# Exercise aim:
Every record must be output verbatim in the reply.

┄┄┄┄┄┄┄┄┄┄

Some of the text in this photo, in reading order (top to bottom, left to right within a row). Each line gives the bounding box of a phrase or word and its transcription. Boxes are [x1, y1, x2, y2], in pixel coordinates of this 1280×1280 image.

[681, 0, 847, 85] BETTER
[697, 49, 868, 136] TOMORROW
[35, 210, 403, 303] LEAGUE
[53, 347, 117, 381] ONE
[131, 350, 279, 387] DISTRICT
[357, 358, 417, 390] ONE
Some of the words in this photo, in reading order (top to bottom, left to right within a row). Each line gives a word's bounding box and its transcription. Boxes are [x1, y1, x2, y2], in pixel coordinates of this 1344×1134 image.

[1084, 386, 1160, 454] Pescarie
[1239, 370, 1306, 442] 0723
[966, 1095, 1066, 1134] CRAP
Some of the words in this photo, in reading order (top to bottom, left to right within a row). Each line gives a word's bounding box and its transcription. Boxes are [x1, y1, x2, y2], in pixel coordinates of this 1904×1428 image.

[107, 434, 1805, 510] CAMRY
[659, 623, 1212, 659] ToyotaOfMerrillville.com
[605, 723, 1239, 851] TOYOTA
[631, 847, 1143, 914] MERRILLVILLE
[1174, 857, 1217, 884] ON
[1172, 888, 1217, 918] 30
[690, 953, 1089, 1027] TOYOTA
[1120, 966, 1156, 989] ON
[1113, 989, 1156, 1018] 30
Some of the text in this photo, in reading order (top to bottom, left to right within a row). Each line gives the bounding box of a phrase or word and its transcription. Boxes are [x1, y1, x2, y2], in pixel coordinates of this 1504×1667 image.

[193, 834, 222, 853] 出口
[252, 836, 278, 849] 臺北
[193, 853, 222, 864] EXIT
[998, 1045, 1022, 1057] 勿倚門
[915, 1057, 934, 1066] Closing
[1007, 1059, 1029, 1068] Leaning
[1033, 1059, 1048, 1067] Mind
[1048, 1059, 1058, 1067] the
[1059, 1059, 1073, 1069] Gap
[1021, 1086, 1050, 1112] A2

┄┄┄┄┄┄┄┄┄┄

# Response box:
Some of the text in this photo, in reading order (top to bottom, left to right within a row). Each line gives the bounding box of a phrase or word and its transcription. Boxes are [x1, y1, x2, y2], in pixel coordinates of this 1280×1280 image.

[681, 0, 847, 85] BETTER
[697, 49, 868, 136] TOMORROW
[35, 210, 403, 303] LEAGUE
[53, 347, 117, 381] ONE
[131, 350, 279, 387] DISTRICT
[357, 358, 417, 390] ONE
Some of the words in this photo, in reading order (top to bottom, left to right within a row). Each line gives a word's bounding box and its transcription. Boxes are [x1, y1, x2, y2], in pixel coordinates of this 1344×1134 image.

[1084, 386, 1160, 454] Pescarie
[1239, 370, 1306, 442] 0723
[966, 1095, 1066, 1134] CRAP
Some of the words in this photo, in reading order (top to bottom, left to right within a row). Each line gives a word's bounding box and its transcription. Boxes are [x1, y1, x2, y2], in pixel coordinates of this 1904×1428 image.

[107, 434, 1805, 510] CAMRY
[659, 623, 1212, 659] ToyotaOfMerrillville.com
[605, 723, 1239, 851] TOYOTA
[631, 847, 1143, 914] MERRILLVILLE
[1174, 857, 1217, 884] ON
[1172, 888, 1217, 918] 30
[690, 953, 1089, 1027] TOYOTA
[1120, 966, 1156, 989] ON
[1113, 989, 1156, 1018] 30
Some of the text in this photo, in reading order (top to bottom, left to right within a row). Each line gives the bounding box of a phrase or word and its transcription. Boxes are [x1, y1, x2, y2], in pixel coordinates of this 1504×1667 image.

[193, 834, 222, 853] 出口
[252, 836, 278, 849] 臺北
[193, 853, 222, 864] EXIT
[998, 1045, 1022, 1057] 勿倚門
[915, 1057, 934, 1066] Closing
[1007, 1059, 1029, 1068] Leaning
[1033, 1059, 1048, 1067] Mind
[1048, 1059, 1058, 1067] the
[1059, 1059, 1073, 1069] Gap
[1021, 1086, 1050, 1112] A2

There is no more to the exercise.